On Sunday, the museum provided a space for neighborhood residents to celebrate the Fourth of July. There was a colorful bounce house, free food, music, games and T-shirt giveaways. Peterson helped coordinate it, hoping to prevent the kind of violence that killed his friend.
“What we’re doing is occupying space and creating a safe space for the people in the neighborhood to come hang out, but also doing some violence interruption,” said Peterson, president and executive director of the museum.
The event was part of a peace initiative called Hit the Hood, which launched last year to prevent gun violence over holiday weekends. It came about through a collaboration of community organizations, including My Block, My Hood, My City; CEDEP 2020; Randolph’s Dream Community Development Corporation; Museum 44; Street Order; and the museum.
For Peterson, the event hit home.
“There’s a reason that, you know, me being at this museum is a little more than just a job,” he said, recalling the slaying of his friend in 1996. “There’s bloodshed in this neighborhood. … I still suffer from trauma … .”
Violence has continued to plague the city. The weekend was Chicago’s most violent of 2021, with more than 100 people shot. Just southwest of the Porter Museum, a group of people cleaning up from after an annual July 4 celebration was sprayed with bullets, leaving a 6-year-old girl and her mother wounded, the Sun-Times reports.

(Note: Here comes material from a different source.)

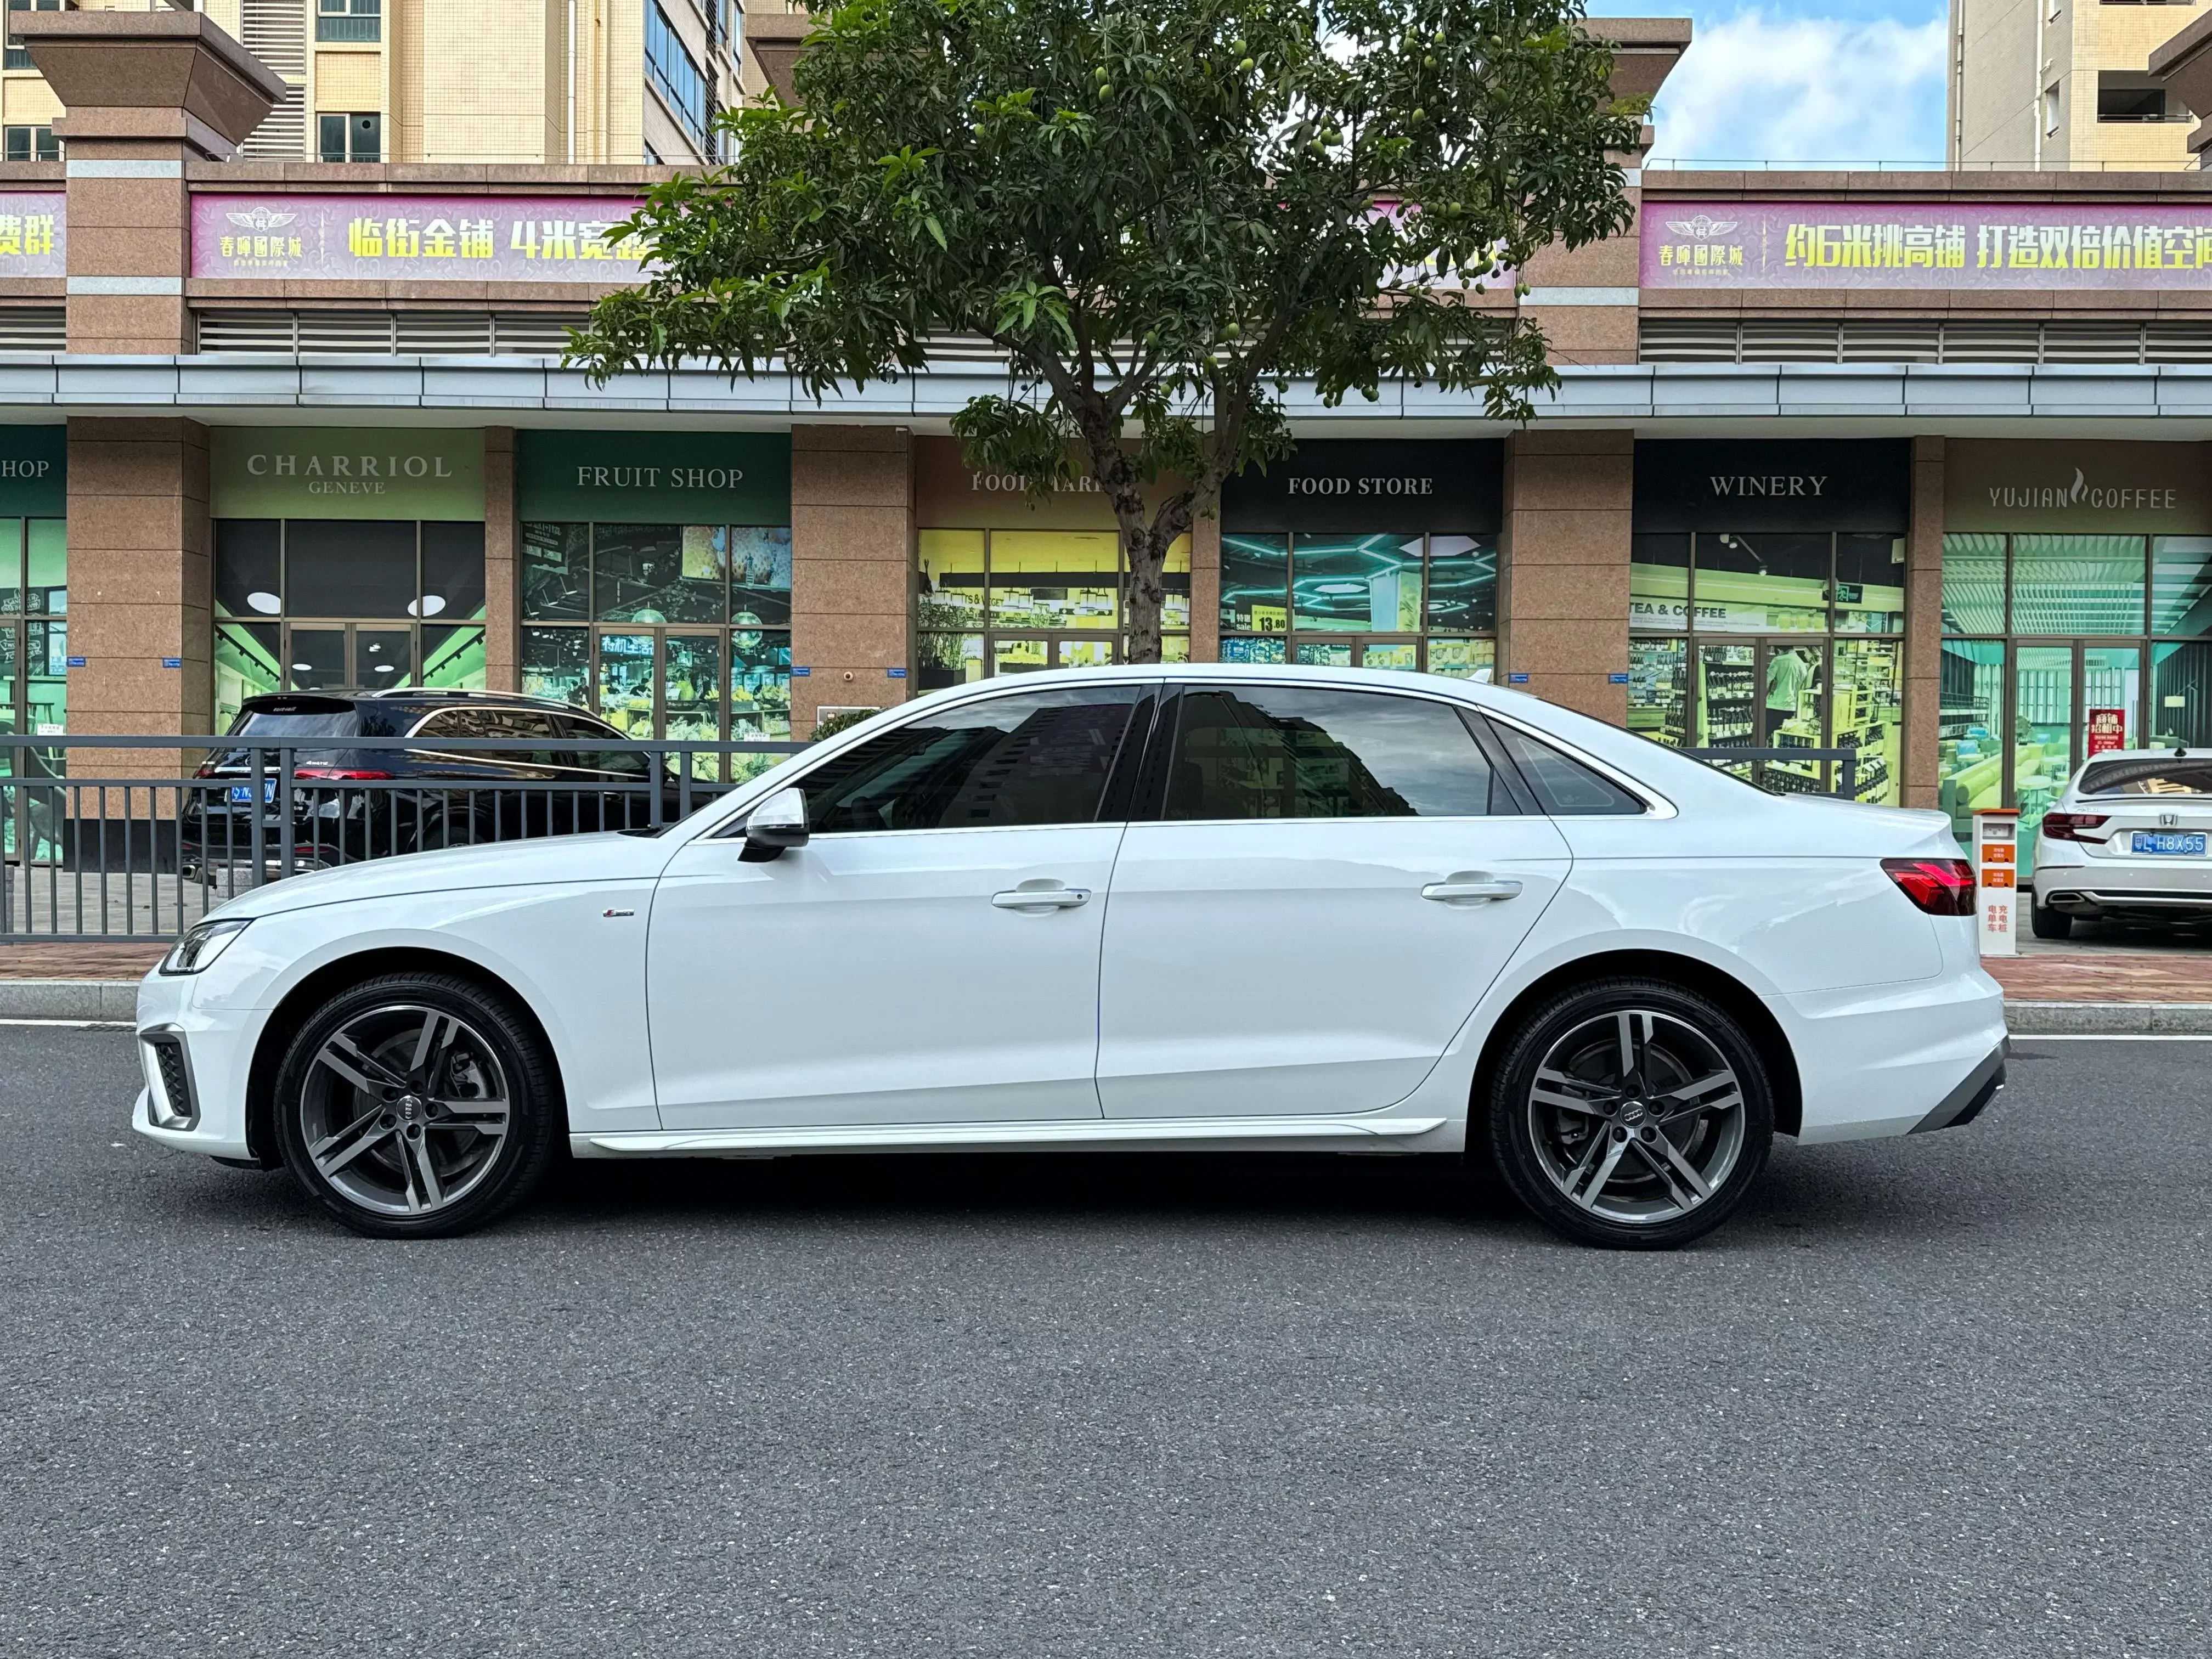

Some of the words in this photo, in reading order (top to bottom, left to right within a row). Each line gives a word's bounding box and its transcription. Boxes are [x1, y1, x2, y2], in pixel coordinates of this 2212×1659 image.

The violence on the Far South Side has led Ald. Anthony Beale (9th) to call for the National Guard, saying they should monitor Downtown streets to free up police resources in communities like Pullman.
“We can talk about the underlying issues of poverty, lack of opportunity and the influx of guns from other states,” Beale wrote in a letter to his fellow aldermen, urging them to get on board with the plan. “None of that will help us now.”
Peterson said the only way to target violence is through consistent community engagement efforts and dedication. He said neighborhoods need resources and environments where residents can be productive and safe. Beale’s letter also addressed the need for violence interruptors.
“We’ve been out here doing these community engagement efforts all summer; and once again, that’s what helps. Because you can’t just pop up one day and say, ‘I’m going to give out some hand sanitizers and masks,’ and think that’s going to stop the violence,” he said.
By working with other organizations, Peterson said Hit the Hood is able to expose people to a “heaping amount of resources” that can prevent violence.
“As a nonprofit organization, M3 knows that when groups get together the amount of work that can get done is exponential,” said Ernesto Gonzalez, marketing manager for My Block, My Hood, My City. “When we funded the 10 events this year, we set out to do two goals: create a safe space for the community and help curb the violence that is present during holiday weekends.
“This being our second year, we have learned from the past and worked with hyperlocal [organizations] that have done violence prevention in the past.”
For volunteer Brenda Scott, the events emphasize unity and peace.
“This is to help kids get out and enjoy,” Scott said. “Hopefully they have something to do. … Learn about your community, neighbors, and give back.”
The next Hit the Hood event is set for Sept. 6 at 10406 S. Maryland Ave. to celebrate Labor Day.